- [Data shown]:
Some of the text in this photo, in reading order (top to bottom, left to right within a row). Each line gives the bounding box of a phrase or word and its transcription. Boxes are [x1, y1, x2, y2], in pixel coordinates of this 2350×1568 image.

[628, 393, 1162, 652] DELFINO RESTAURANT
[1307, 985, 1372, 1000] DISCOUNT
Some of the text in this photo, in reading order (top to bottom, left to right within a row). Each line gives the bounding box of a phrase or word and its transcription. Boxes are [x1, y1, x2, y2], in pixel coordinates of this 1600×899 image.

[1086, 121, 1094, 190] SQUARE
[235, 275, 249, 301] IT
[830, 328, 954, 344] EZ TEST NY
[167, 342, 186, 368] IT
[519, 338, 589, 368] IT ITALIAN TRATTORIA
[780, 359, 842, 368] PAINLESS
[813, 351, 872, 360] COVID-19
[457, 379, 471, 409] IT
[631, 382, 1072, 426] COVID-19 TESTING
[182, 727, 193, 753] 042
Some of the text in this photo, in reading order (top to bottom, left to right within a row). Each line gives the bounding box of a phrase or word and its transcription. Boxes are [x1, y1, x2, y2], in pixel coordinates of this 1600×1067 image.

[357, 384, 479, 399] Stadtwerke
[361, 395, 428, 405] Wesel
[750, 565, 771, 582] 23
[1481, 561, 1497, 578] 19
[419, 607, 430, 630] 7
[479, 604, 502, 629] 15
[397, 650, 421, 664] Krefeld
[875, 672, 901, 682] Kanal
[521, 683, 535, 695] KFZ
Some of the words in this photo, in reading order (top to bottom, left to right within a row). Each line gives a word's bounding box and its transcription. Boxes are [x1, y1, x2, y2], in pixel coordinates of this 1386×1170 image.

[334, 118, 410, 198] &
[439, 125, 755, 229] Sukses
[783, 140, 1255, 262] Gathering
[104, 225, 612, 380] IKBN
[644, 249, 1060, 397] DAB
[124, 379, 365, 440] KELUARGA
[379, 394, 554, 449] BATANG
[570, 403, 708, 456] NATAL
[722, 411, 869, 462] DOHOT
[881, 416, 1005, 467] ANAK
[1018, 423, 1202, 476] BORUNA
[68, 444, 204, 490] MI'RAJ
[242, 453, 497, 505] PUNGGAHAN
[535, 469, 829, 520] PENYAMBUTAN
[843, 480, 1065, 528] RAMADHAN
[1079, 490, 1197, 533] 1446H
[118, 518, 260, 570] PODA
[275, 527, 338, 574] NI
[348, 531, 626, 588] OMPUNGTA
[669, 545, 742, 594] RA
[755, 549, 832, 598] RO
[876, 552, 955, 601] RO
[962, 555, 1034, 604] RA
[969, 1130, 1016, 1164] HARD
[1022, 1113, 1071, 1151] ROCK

- [What the exercise asks]:
Output each line of the records above exactly.

- [Solution to this task]:
Some of the text in this photo, in reading order (top to bottom, left to right within a row). Each line gives the bounding box of a phrase or word and its transcription. Boxes are [x1, y1, x2, y2], in pixel coordinates of this 2350×1568 image.

[628, 393, 1162, 652] DELFINO RESTAURANT
[1307, 985, 1372, 1000] DISCOUNT
Some of the text in this photo, in reading order (top to bottom, left to right within a row). Each line gives the bounding box of a phrase or word and its transcription. Boxes are [x1, y1, x2, y2], in pixel coordinates of this 1600×899 image.

[1086, 121, 1094, 190] SQUARE
[235, 275, 249, 301] IT
[830, 328, 954, 344] EZ TEST NY
[167, 342, 186, 368] IT
[519, 338, 589, 368] IT ITALIAN TRATTORIA
[780, 359, 842, 368] PAINLESS
[813, 351, 872, 360] COVID-19
[457, 379, 471, 409] IT
[631, 382, 1072, 426] COVID-19 TESTING
[182, 727, 193, 753] 042
Some of the text in this photo, in reading order (top to bottom, left to right within a row). Each line gives the bounding box of a phrase or word and its transcription. Boxes are [x1, y1, x2, y2], in pixel coordinates of this 1600×1067 image.

[357, 384, 479, 399] Stadtwerke
[361, 395, 428, 405] Wesel
[750, 565, 771, 582] 23
[1481, 561, 1497, 578] 19
[419, 607, 430, 630] 7
[479, 604, 502, 629] 15
[397, 650, 421, 664] Krefeld
[875, 672, 901, 682] Kanal
[521, 683, 535, 695] KFZ
Some of the words in this photo, in reading order (top to bottom, left to right within a row). Each line gives a word's bounding box and its transcription. Boxes are [x1, y1, x2, y2], in pixel coordinates of this 1386×1170 image.

[334, 118, 410, 198] &
[439, 125, 755, 229] Sukses
[783, 140, 1255, 262] Gathering
[104, 225, 612, 380] IKBN
[644, 249, 1060, 397] DAB
[124, 379, 365, 440] KELUARGA
[379, 394, 554, 449] BATANG
[570, 403, 708, 456] NATAL
[722, 411, 869, 462] DOHOT
[881, 416, 1005, 467] ANAK
[1018, 423, 1202, 476] BORUNA
[68, 444, 204, 490] MI'RAJ
[242, 453, 497, 505] PUNGGAHAN
[535, 469, 829, 520] PENYAMBUTAN
[843, 480, 1065, 528] RAMADHAN
[1079, 490, 1197, 533] 1446H
[118, 518, 260, 570] PODA
[275, 527, 338, 574] NI
[348, 531, 626, 588] OMPUNGTA
[669, 545, 742, 594] RA
[755, 549, 832, 598] RO
[876, 552, 955, 601] RO
[962, 555, 1034, 604] RA
[969, 1130, 1016, 1164] HARD
[1022, 1113, 1071, 1151] ROCK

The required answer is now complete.